§ **About this exercise**:
Write out every line below again exactly as it stands, skipping each image.

§ **Material provided**:
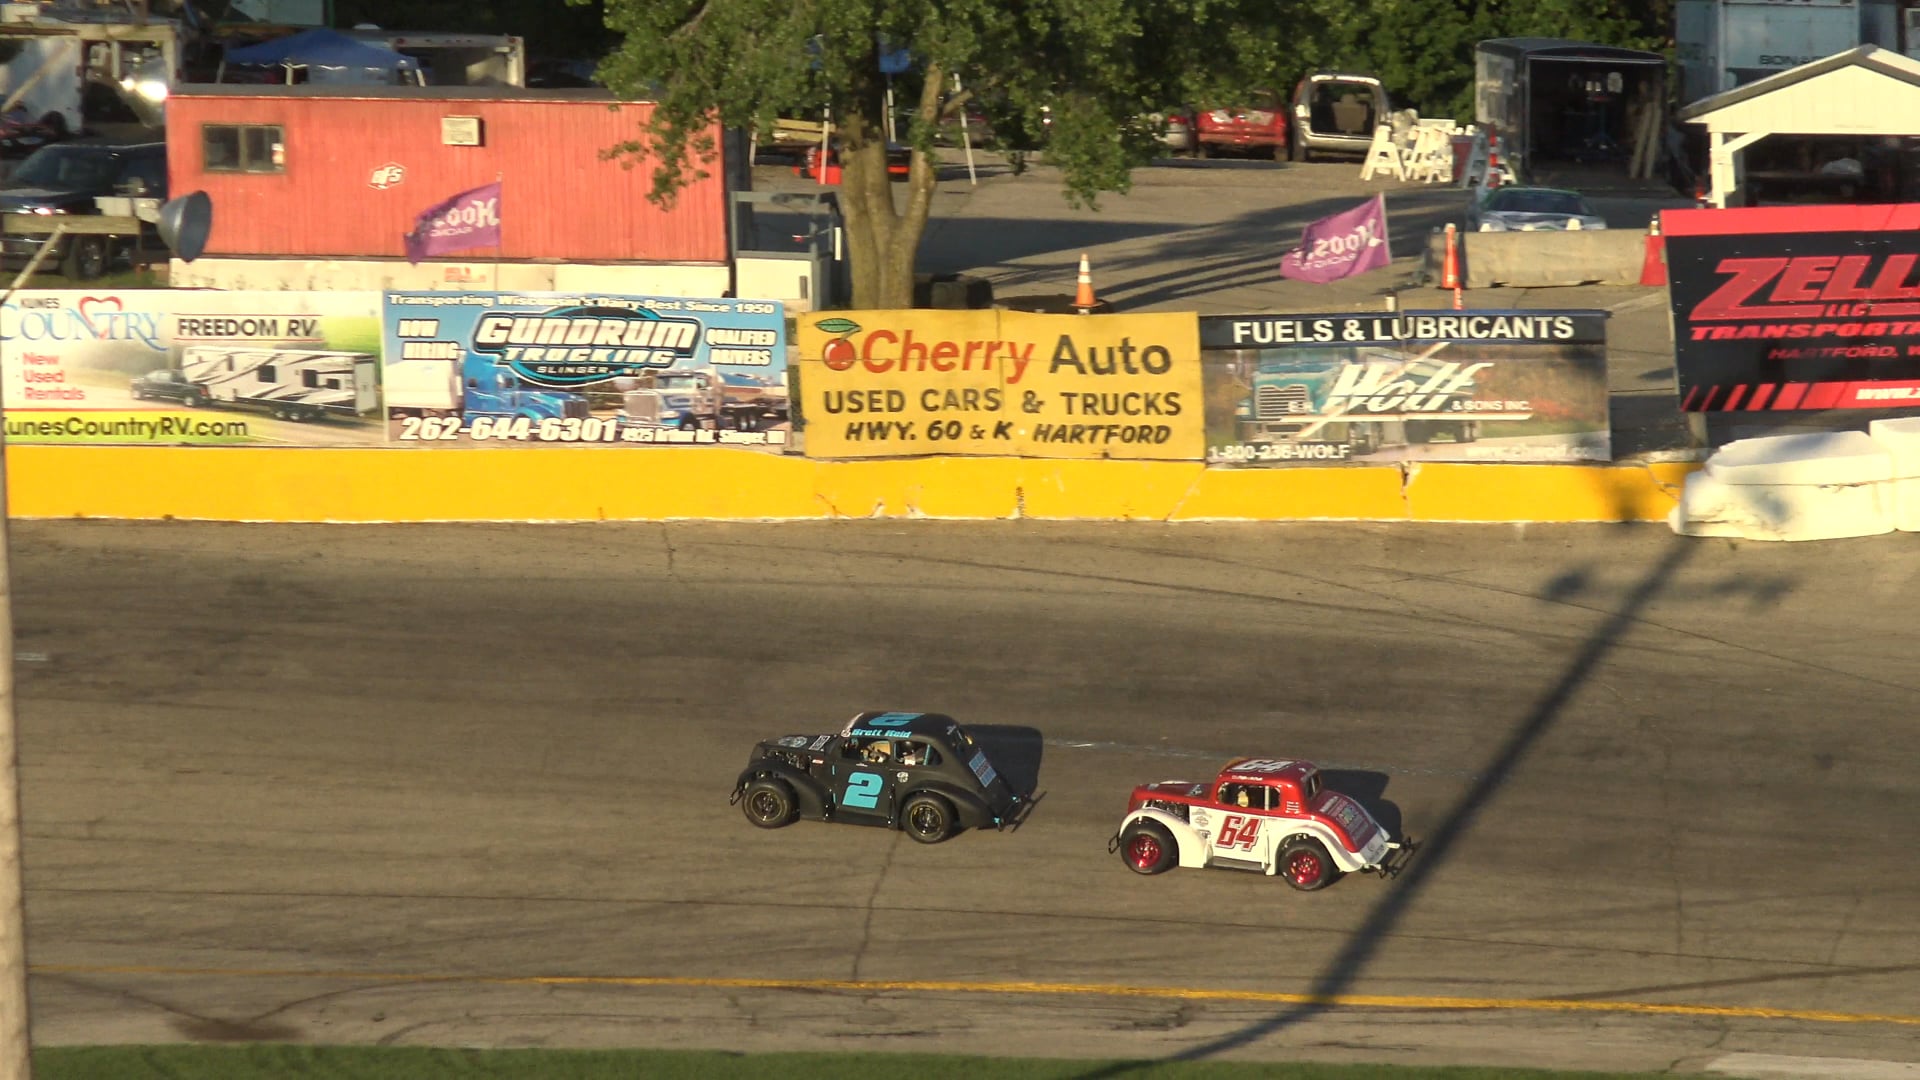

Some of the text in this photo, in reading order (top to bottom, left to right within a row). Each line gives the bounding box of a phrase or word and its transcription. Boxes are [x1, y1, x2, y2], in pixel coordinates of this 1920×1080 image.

[388, 294, 494, 307] Transporting
[497, 295, 595, 308] Wisconsin's
[685, 301, 731, 312] Since
[735, 303, 775, 314] 1950
[1825, 303, 1868, 317] LLC
[177, 317, 318, 338] FREEDOM RV
[476, 316, 698, 349] GUNDRUM
[1233, 315, 1575, 344] FUELS & LUBRICANTS
[22, 352, 59, 365] New
[501, 346, 676, 364] TRUCKING
[861, 329, 1173, 385] Cherry Auto
[1768, 346, 1899, 360] HARTFORD,
[23, 369, 65, 383] Used
[1322, 360, 1495, 414] Wolf
[1463, 400, 1504, 411] SONS
[24, 387, 86, 401] Rentals
[824, 387, 1182, 417] USED CARS & TRUCKS
[399, 417, 618, 442] 262-644-6301
[844, 420, 1172, 445] HWY. 60 & K HARTFORD
[842, 771, 884, 809] 2
[1215, 814, 1264, 852] 64
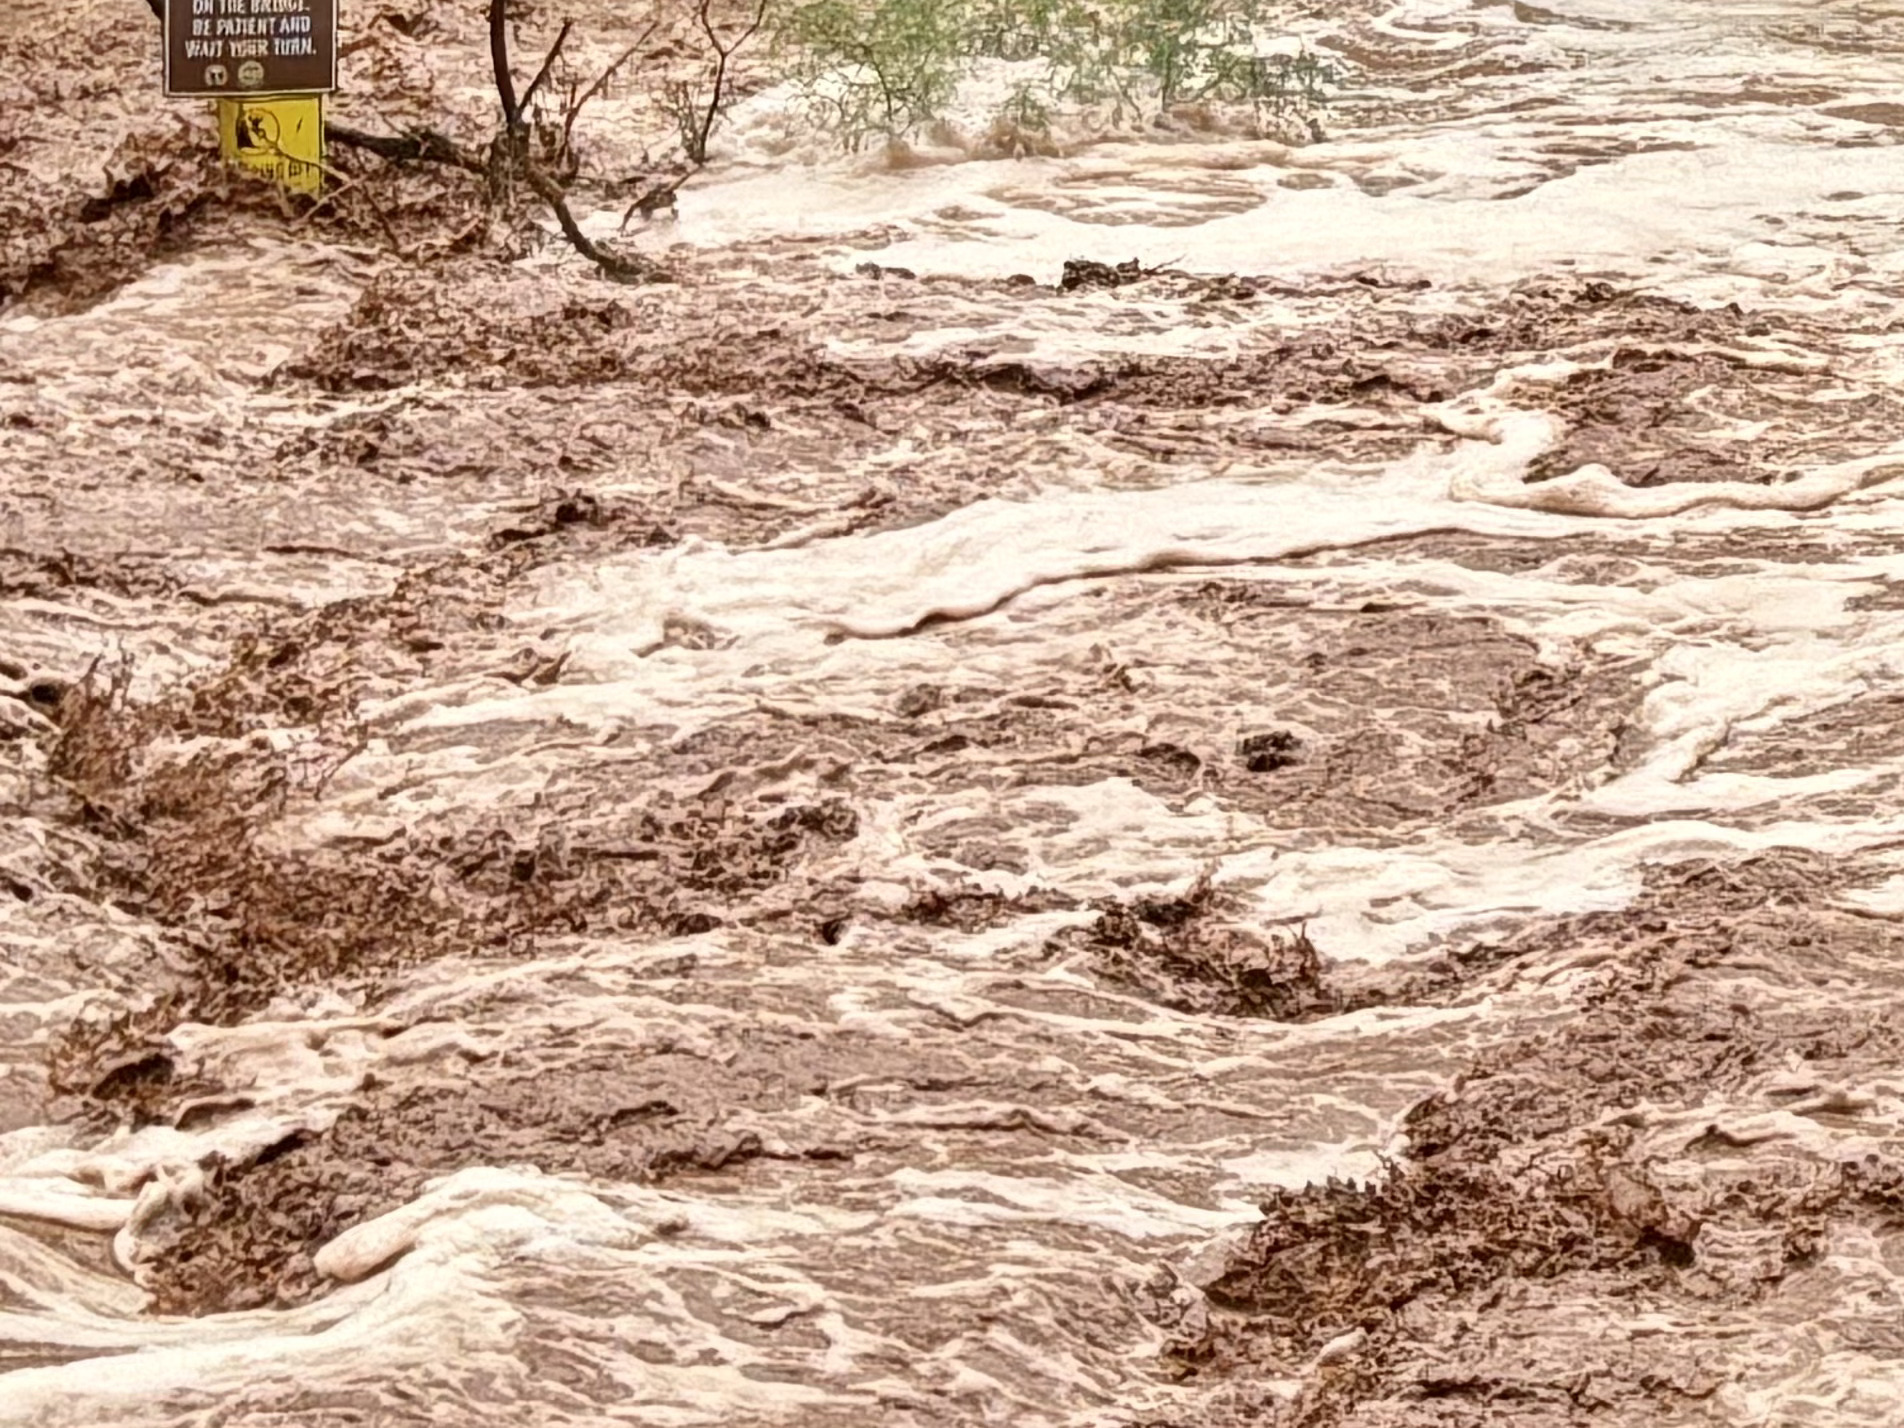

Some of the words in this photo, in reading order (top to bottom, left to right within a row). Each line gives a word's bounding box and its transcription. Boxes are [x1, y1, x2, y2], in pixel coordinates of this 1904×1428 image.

[193, 19, 211, 36] BE
[216, 17, 274, 36] PATIENT
[280, 16, 310, 33] AND
[185, 40, 222, 58] WAIT
[230, 40, 268, 58] YOUR
[274, 38, 316, 55] TURN.
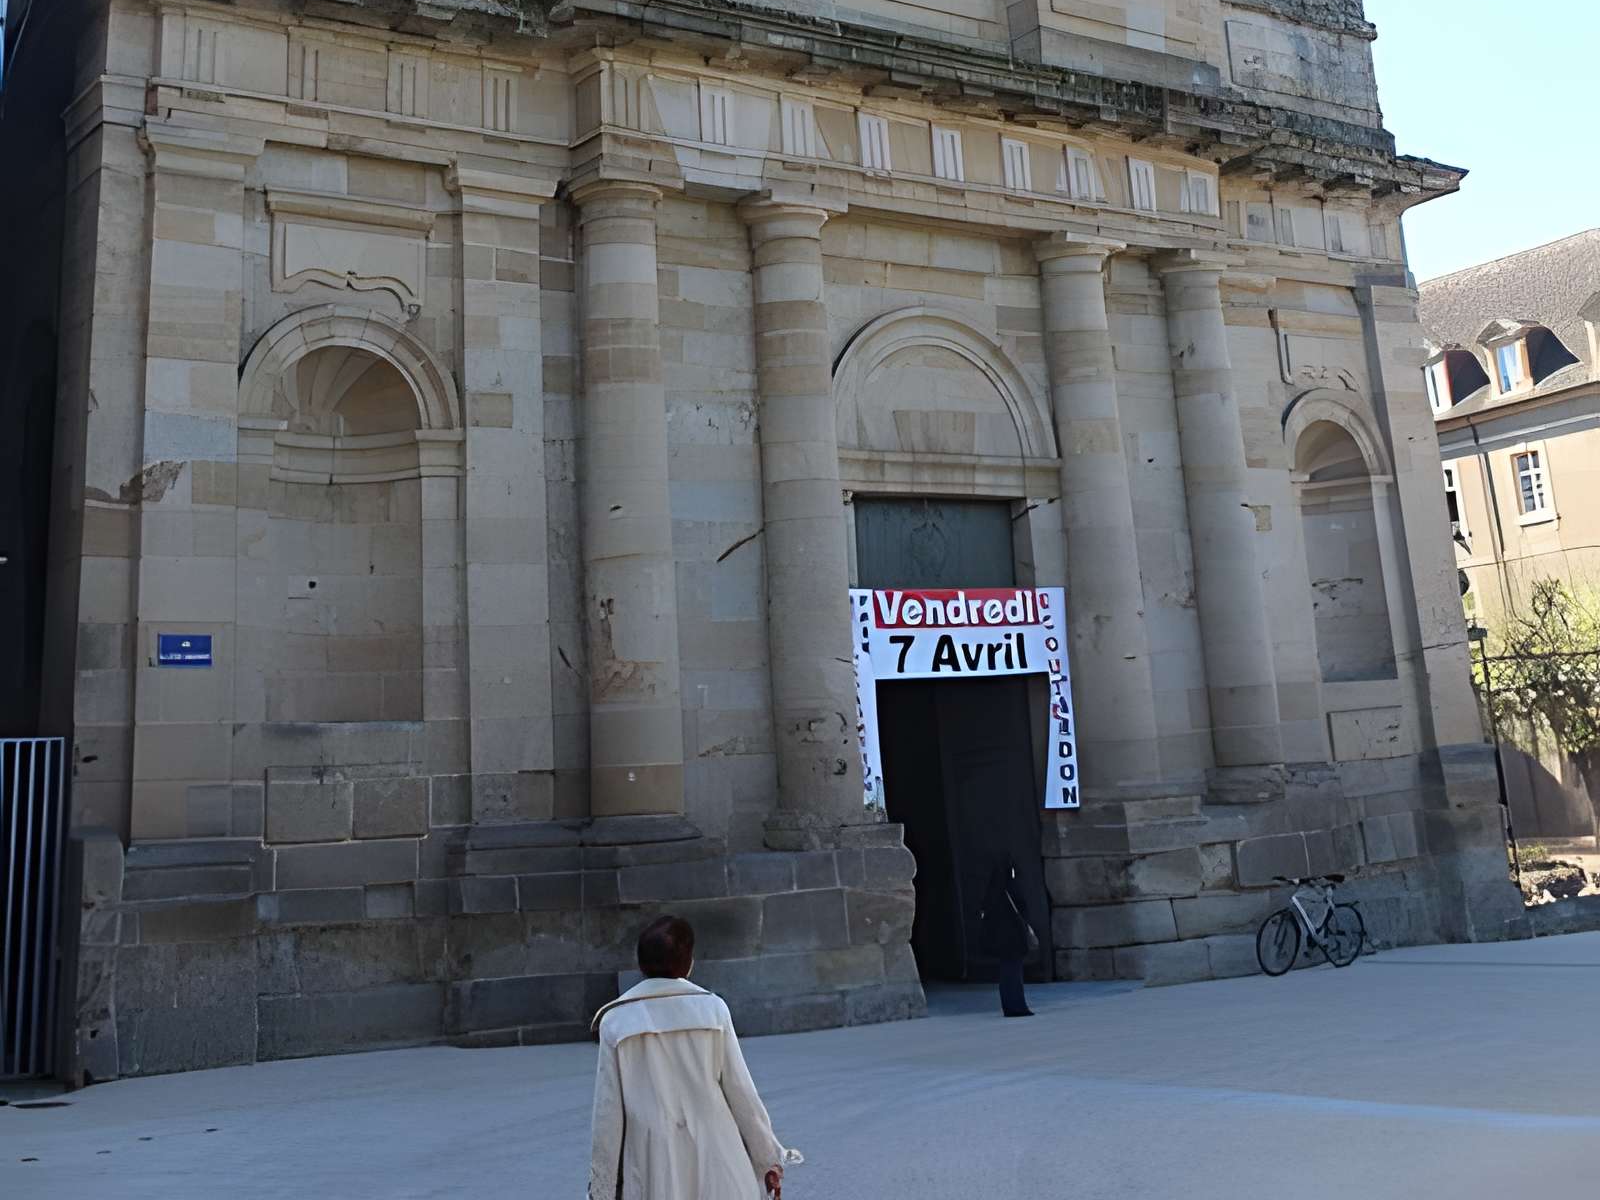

§ **Output for this exercise**:
Some of the text in this photo, in reading order (top to bottom, left to right within a row). Each line gives the bounding box of a phrase or word and its transcription. Boxes are [x1, y1, x2, y2], in pixel coordinates of this 1920×1080 image.

[388, 294, 494, 307] Transporting
[497, 295, 595, 308] Wisconsin's
[685, 301, 731, 312] Since
[735, 303, 775, 314] 1950
[1825, 303, 1868, 317] LLC
[177, 317, 318, 338] FREEDOM RV
[476, 316, 698, 349] GUNDRUM
[1233, 315, 1575, 344] FUELS & LUBRICANTS
[22, 352, 59, 365] New
[501, 346, 676, 364] TRUCKING
[861, 329, 1173, 385] Cherry Auto
[1768, 346, 1899, 360] HARTFORD,
[23, 369, 65, 383] Used
[1322, 360, 1495, 414] Wolf
[1463, 400, 1504, 411] SONS
[24, 387, 86, 401] Rentals
[824, 387, 1182, 417] USED CARS & TRUCKS
[399, 417, 618, 442] 262-644-6301
[844, 420, 1172, 445] HWY. 60 & K HARTFORD
[842, 771, 884, 809] 2
[1215, 814, 1264, 852] 64

Some of the words in this photo, in reading order (top to bottom, left to right within a row). Each line gives a word's bounding box and its transcription. Boxes are [x1, y1, x2, y2], in pixel coordinates of this 1904×1428 image.

[193, 19, 211, 36] BE
[216, 17, 274, 36] PATIENT
[280, 16, 310, 33] AND
[185, 40, 222, 58] WAIT
[230, 40, 268, 58] YOUR
[274, 38, 316, 55] TURN.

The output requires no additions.